--- Try it ---
Each entry below is to be reproduced exactly, though any pictures it holds must be omitted.
-- Records supplied follows --
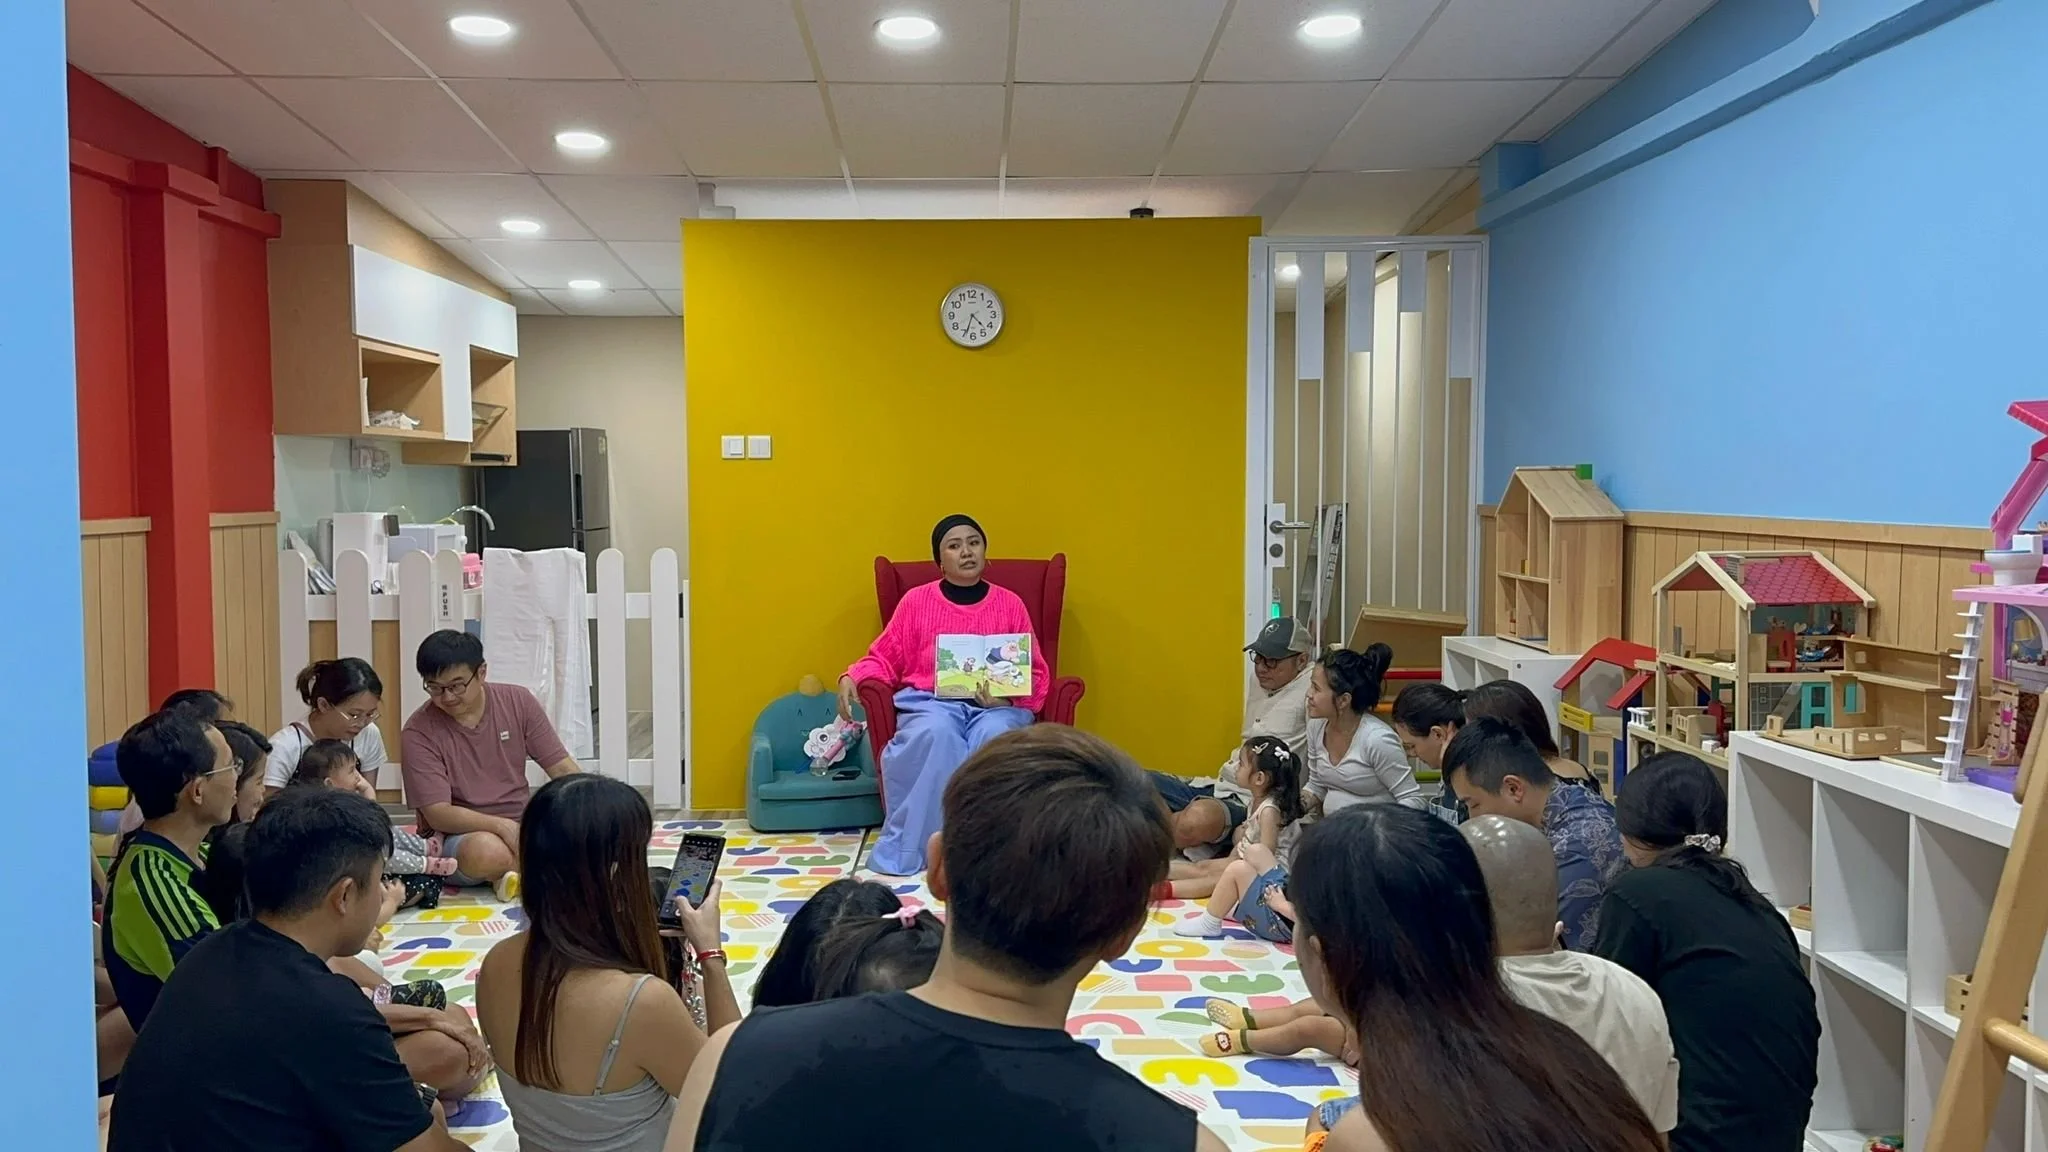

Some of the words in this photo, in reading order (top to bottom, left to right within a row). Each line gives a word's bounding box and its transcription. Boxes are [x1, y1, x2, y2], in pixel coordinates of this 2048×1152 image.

[958, 293, 966, 301] 11
[967, 289, 977, 299] 12
[980, 292, 985, 301] 1
[951, 301, 961, 309] 10
[986, 300, 993, 309] 2
[948, 311, 955, 320] 9
[990, 310, 997, 319] 3
[952, 322, 959, 331] 8
[986, 321, 993, 330] 4
[960, 328, 967, 338] 7
[969, 332, 977, 341] 6
[980, 328, 987, 337] 5
-- Records supplied concluded --
--- Written answer ---
Some of the words in this photo, in reading order (top to bottom, left to right within a row). Each line gives a word's bounding box and its transcription. Boxes are [x1, y1, x2, y2], in pixel coordinates of this 2048×1152 image.

[958, 293, 966, 301] 11
[967, 289, 977, 299] 12
[980, 292, 985, 301] 1
[951, 301, 961, 309] 10
[986, 300, 993, 309] 2
[948, 311, 955, 320] 9
[990, 310, 997, 319] 3
[952, 322, 959, 331] 8
[986, 321, 993, 330] 4
[960, 328, 967, 338] 7
[969, 332, 977, 341] 6
[980, 328, 987, 337] 5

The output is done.